Versions to consider on the production system nodes:

MS* Nodes (166)


Hardware
Model 8203-E4A 9125-F2A
fwversion EL320_061 ES340_123

Operating Systems Previous version Current version


AIX 5300-08-01-0819 5300-12-01-1016

Software
GPFS 3.2.1.19 3.2.1.21
CSM 1.7.0.13 1.7.1.6
ESSL 4.3.0.0 4.4.0.1
PESSL 3.3.0.2 3.3.0.3
LAPI 2.4.5.5 2.4.7.4
POE 4.3.2.5 5.2.1.6**
PBSPro 10.4.0.101257 10.4.4.110077
XLC/C++ (lslpp) 11.1.0.0 11.1.0.0
XLF (lslpp) 13.1.0.0 13.1.0.0
XLC/C++ (ndi) 11.1.0.0 11.1.0.0
XLF (ndi) 13.1.0.0 13.1.0.0

* MS is the Management Server which also is the NIM Server.
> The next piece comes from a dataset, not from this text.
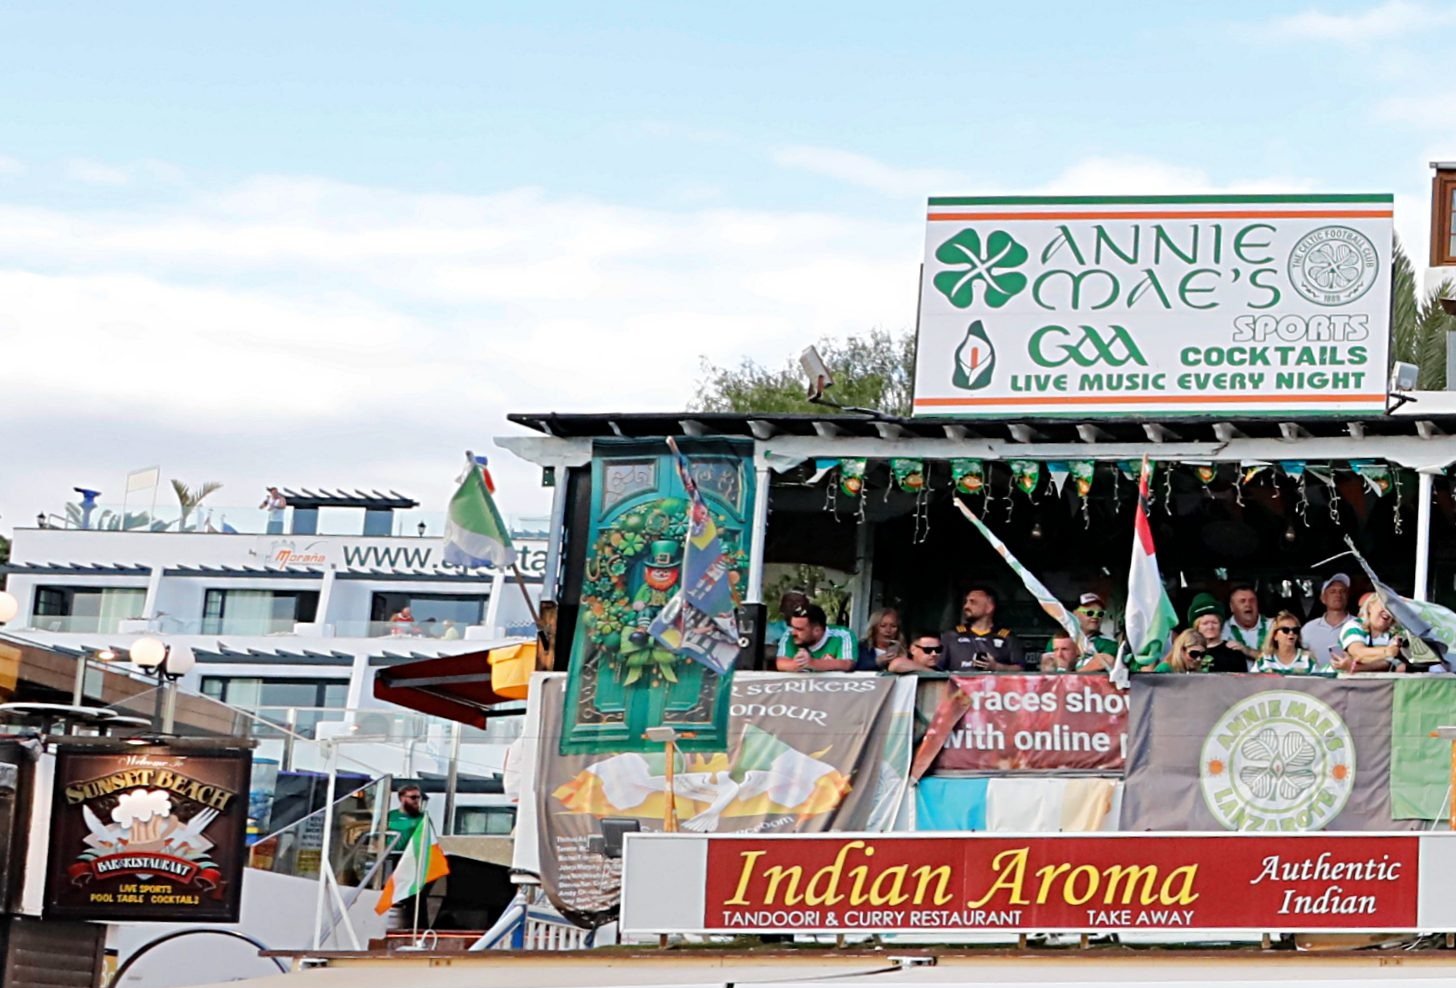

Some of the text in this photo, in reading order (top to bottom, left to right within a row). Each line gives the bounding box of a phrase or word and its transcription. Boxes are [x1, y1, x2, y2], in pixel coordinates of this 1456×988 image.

** IBM needed to provide an eFix; /usr/lpp/ppe.poe/lib/libmpi_r.a was fixed.
Note: Our test systems and operational systems are now running identical software.
Our next activity will be to update the firmware on our operational systems.

Prepare directory structures for NIM operations

If you already have a NIM environment, you can most likely skip this section.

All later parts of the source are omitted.